Kent County Council struggling to cope with child refugee numbers

The Council has also been put under added pressure through operation stack, having to provide up to 500 meals a day to drivers parked up along the M20 while channel tunnel services are disrupted.

Council leader Paul Carter has said that the council would need £5.5 million to deal with the extra demand on services and has reached out to Home Office to discuss the situation.

Carter said: “We are now caring for 605 under 18s. Staff are working flat out to support these vulnerable young people through our reception centres and we are urgently looking at new premises in order to expand the facilities.
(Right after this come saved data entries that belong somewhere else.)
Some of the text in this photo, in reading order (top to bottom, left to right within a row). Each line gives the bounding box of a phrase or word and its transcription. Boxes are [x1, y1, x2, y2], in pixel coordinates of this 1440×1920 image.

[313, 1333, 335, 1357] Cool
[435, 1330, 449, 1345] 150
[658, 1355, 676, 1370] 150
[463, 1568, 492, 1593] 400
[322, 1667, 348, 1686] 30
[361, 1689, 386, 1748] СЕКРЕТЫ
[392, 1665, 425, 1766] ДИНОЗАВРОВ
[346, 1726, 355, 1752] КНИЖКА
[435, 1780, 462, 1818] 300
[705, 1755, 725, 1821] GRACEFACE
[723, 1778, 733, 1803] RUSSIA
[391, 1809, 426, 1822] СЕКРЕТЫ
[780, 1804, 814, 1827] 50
“We are now working with the Association of Directors of Children’s Services to come to a dispersal arrangement outside of Kent as we need places across the country where they can go after assessment.”
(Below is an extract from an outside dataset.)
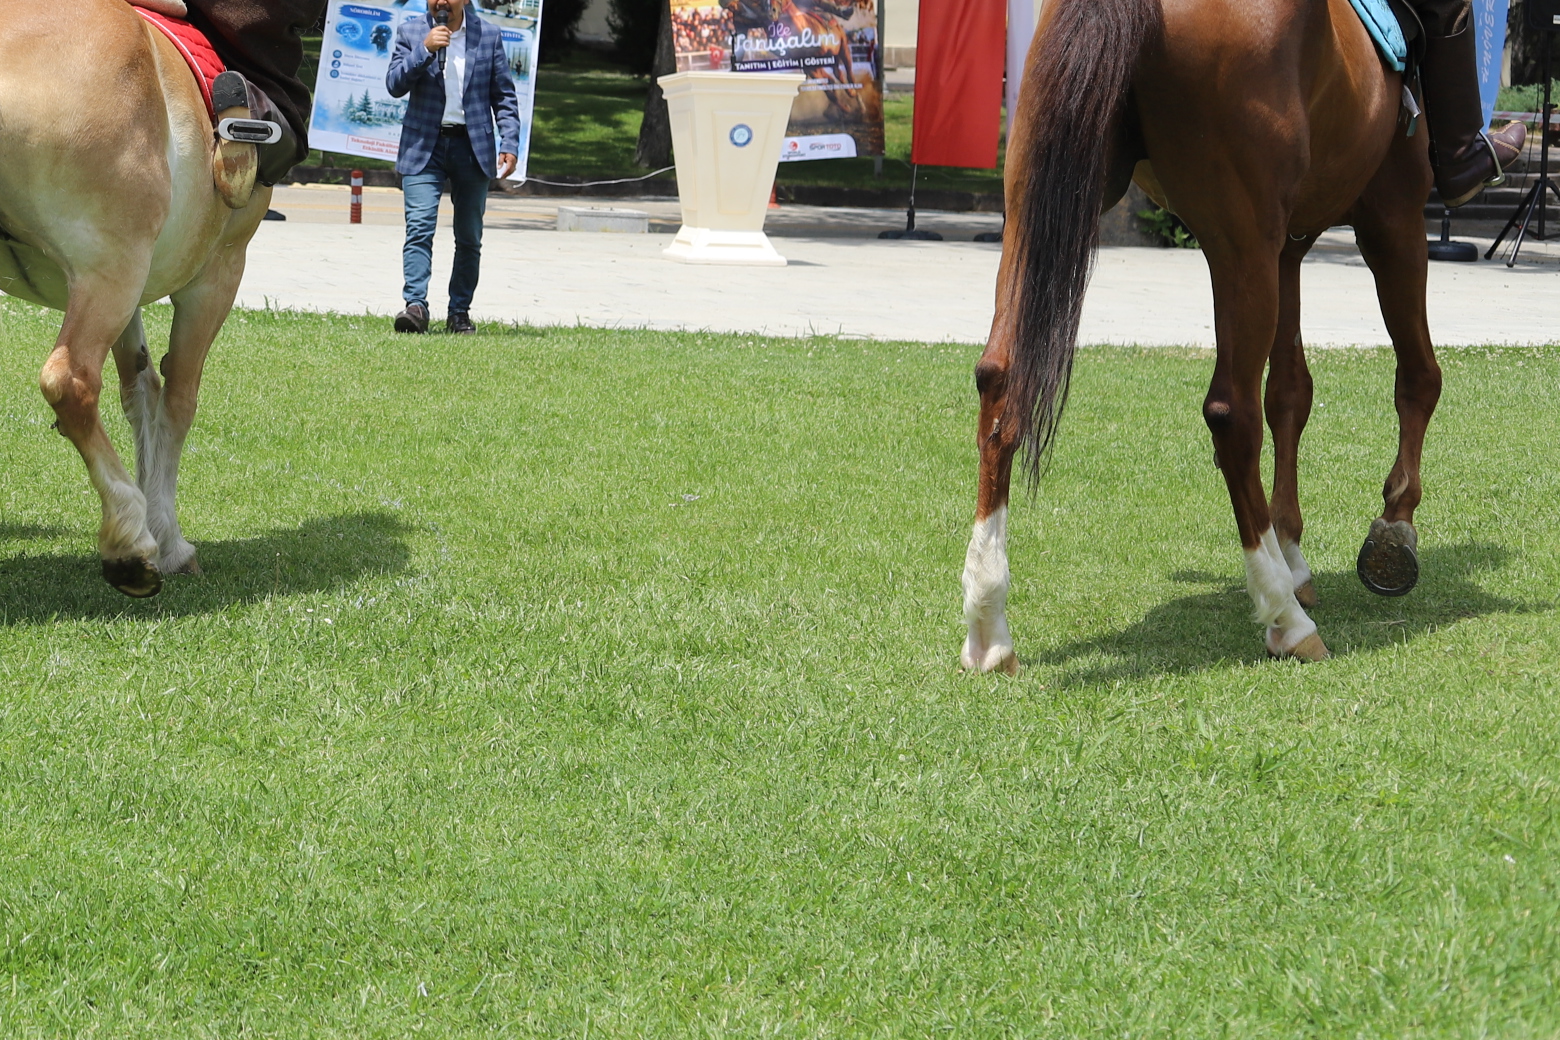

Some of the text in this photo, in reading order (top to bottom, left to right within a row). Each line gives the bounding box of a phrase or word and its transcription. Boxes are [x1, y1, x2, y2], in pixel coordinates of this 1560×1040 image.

[728, 27, 840, 56] Tanışalım
[735, 61, 767, 71] TANITIM
[804, 56, 835, 66] GÖSTERİ
David Simmonds, Deputy Chairman of the Local Government Association (LGA), released a statement calling on the government to reimburse local councils whose services are being stretched by the increase in child refugee numbers.
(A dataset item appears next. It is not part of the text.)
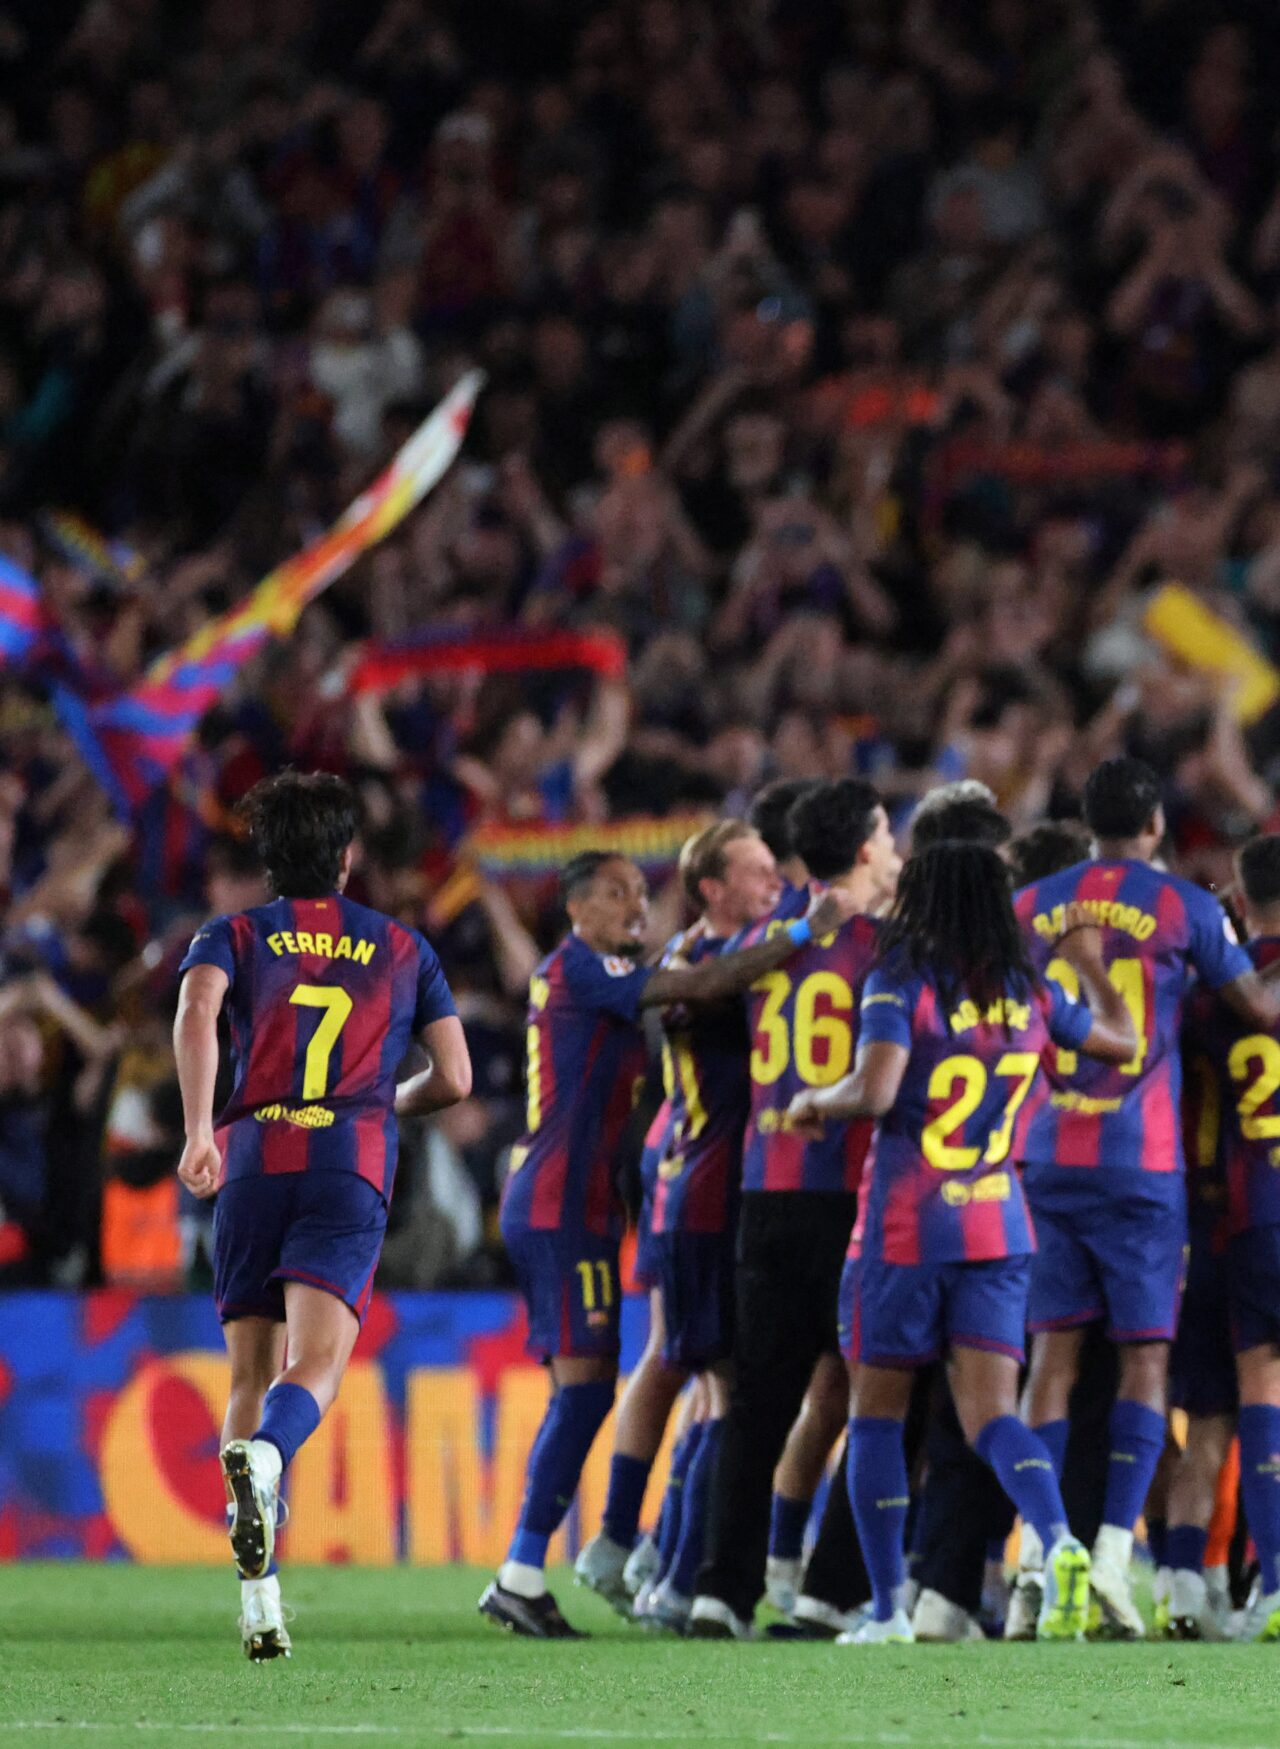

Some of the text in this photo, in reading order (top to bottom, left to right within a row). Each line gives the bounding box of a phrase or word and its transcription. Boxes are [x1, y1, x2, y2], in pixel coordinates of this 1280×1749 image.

Simmonds said: "Councils are rallying together to help deal with the current emergency situation, but with around a third of migrants aged under 18, the LGA is calling on government to commit to reimburse the costs in full as the strain on already-stretched children's services budgets risks becoming unsustainable.
 
"When an unaccompanied child arrives in the UK, it is the council area where they arrive that is responsible for all costs associated with that child up until the age of 25… With the well-publicised issues around the channel tunnel, both local and central government need to work together to identify long term solutions to ensure that local communities do not have to cope with all of the pressures caused by an international problem."